De leur union sont issus trois enfants :
[B] [F], née le [Date naissance 8] 2001 à [Localité 9] (NORD), majeure[Z] [F], née [Date naissance 7] 2002 à [Localité 9] (NORD), majeure[S] [F], née le [Date naissance 2] 2006 à [Localité 9] (NORD), mineure.
Par acte de commissaire de Justice signifié le 18 janvier 2022 selon les modalités de l’article 659 du code de procédure civile, Madame [N] [P] a fait assigner Monsieur [M] [F] en divorce devant le juge aux affaires familiales du Tribunal Judiciaire de LILLE à l’audience d’orientation et sur mesures provisoires du 03 février 2022, sans indiquer le fondement de sa demande.
Par ordonnance d’orientation et sur mesures provisoires réputée contradictoire du 03 mars 2022, le juge aux affaires familiales du Tribunal Judiciaire de LILLE a retenu la compétence des juridictions françaises et l’application de la loi française à la demande en divorce, à la responsabilité parentale et à l’obligation alimentaire et, statuant à titre provisoire, a :
Constaté la résidence séparée des époux,Attribué la jouissance du domicile conjugal à l’épouse, à charge pour elle de s’acquitter du loyer et charges y afférents, ce à compter de la décision,Constaté l’exercice conjoint de l’autorité parentale,Fixé la résidence habituelle de l’enfant mineur [S] au domicile de la mère,Dit que Monsieur [M] [F] bénéficiera d’un droit de visite et d’hébergement exclusivement déterminé à l’amiable,Fixé à la somme de 150 euros (CENT CINQUANTE EUROS) la pension alimentaire due par le père à Madame [N] [P] au titre de sa contribution à l’entretien et l’éducation de l’enfant mineur [S] et au besoin, l’y a condamné.
L’affaire a été renvoyée à la mise en état. Monsieur [F] n’a pas constitué avocat et l’instruction a été clôturée le 5 septembre 2022, l’audience de plaidoiries étant fixée au 6 janvier 2023.

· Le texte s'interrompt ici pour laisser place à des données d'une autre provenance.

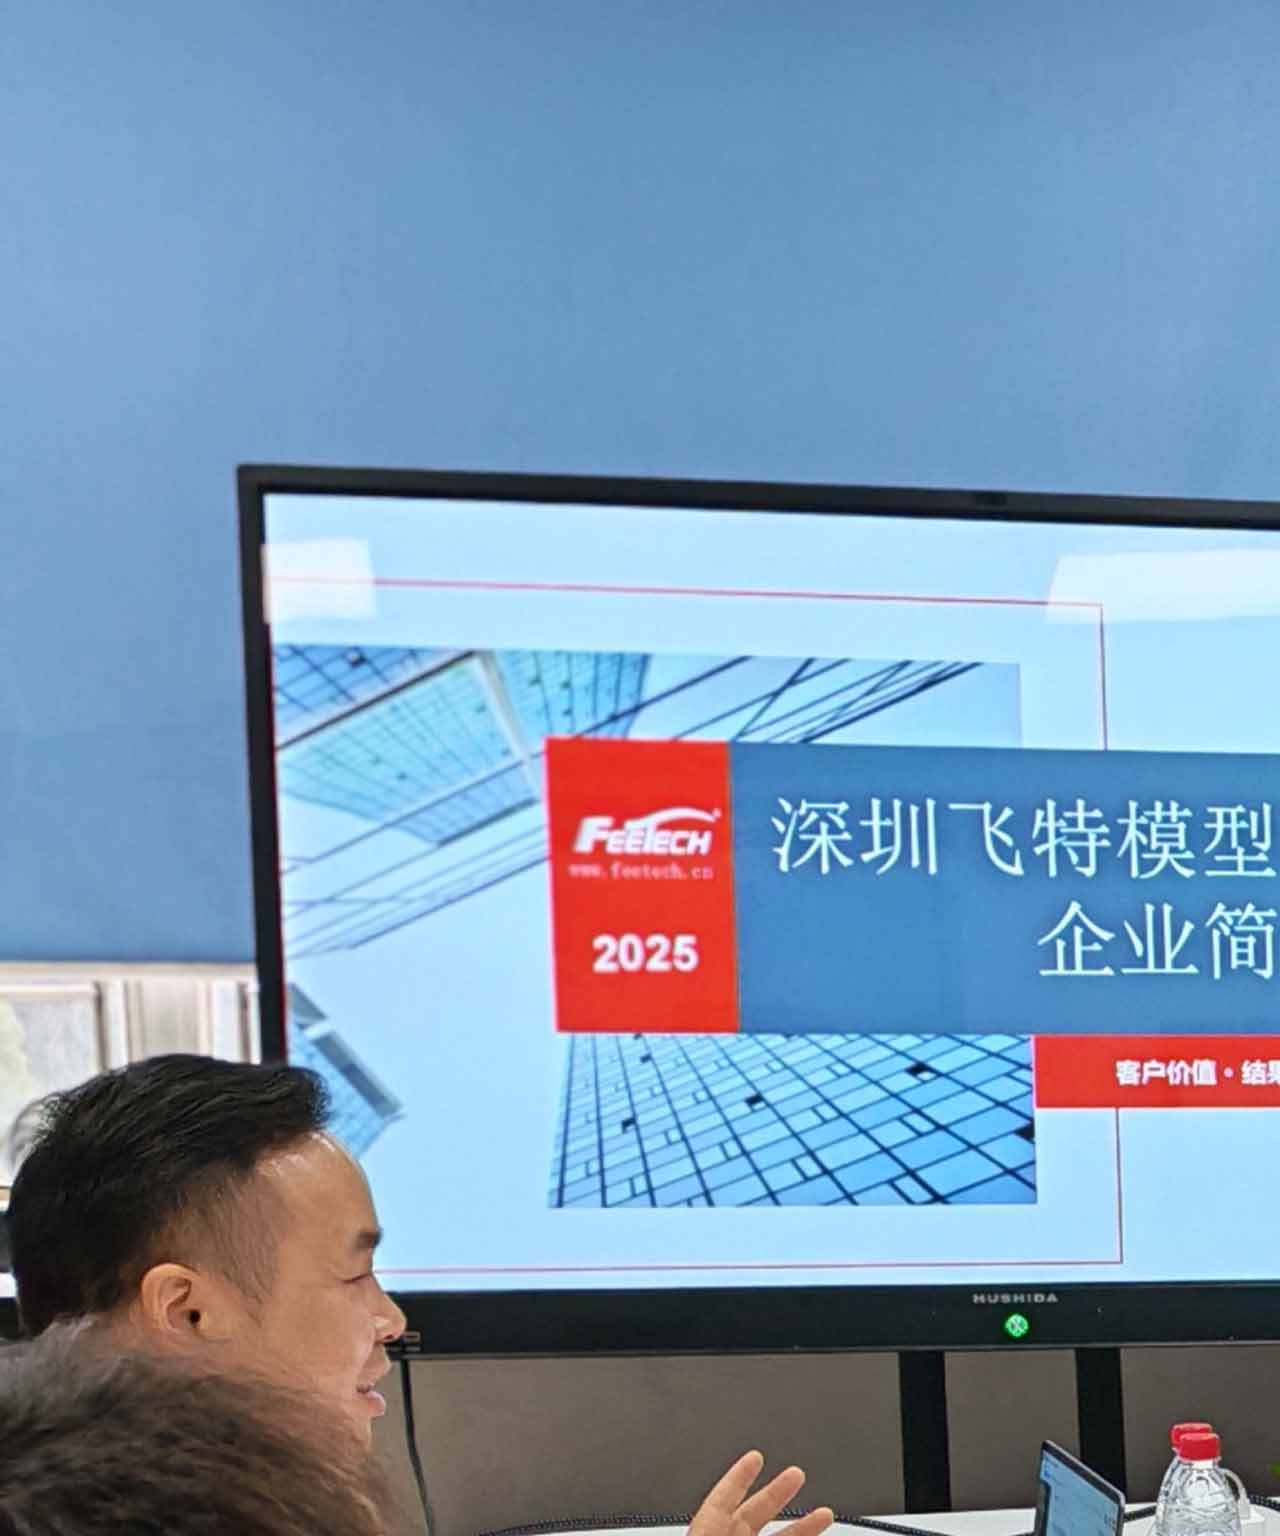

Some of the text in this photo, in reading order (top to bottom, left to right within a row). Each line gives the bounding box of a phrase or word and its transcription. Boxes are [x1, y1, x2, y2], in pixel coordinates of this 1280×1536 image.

[568, 861, 714, 880] www.feetech.cn
[592, 931, 699, 973] 2025
[972, 1292, 1059, 1304] HUSHIDA

Par jugement du 23 mars 2023, le juge aux affaires familiales de Lille a ordonné la révocation de l’ordonnance de clôture et la réouverture des débats pour que Madame [N] [P] puisse justifier de la situation de l’enfant mineure, placée par le juge des enfants à l’Aide sociale à l’enfance, et signifier ses conclusions au défendeur.
L’affaire a ainsi été renvoyée à la mise en état.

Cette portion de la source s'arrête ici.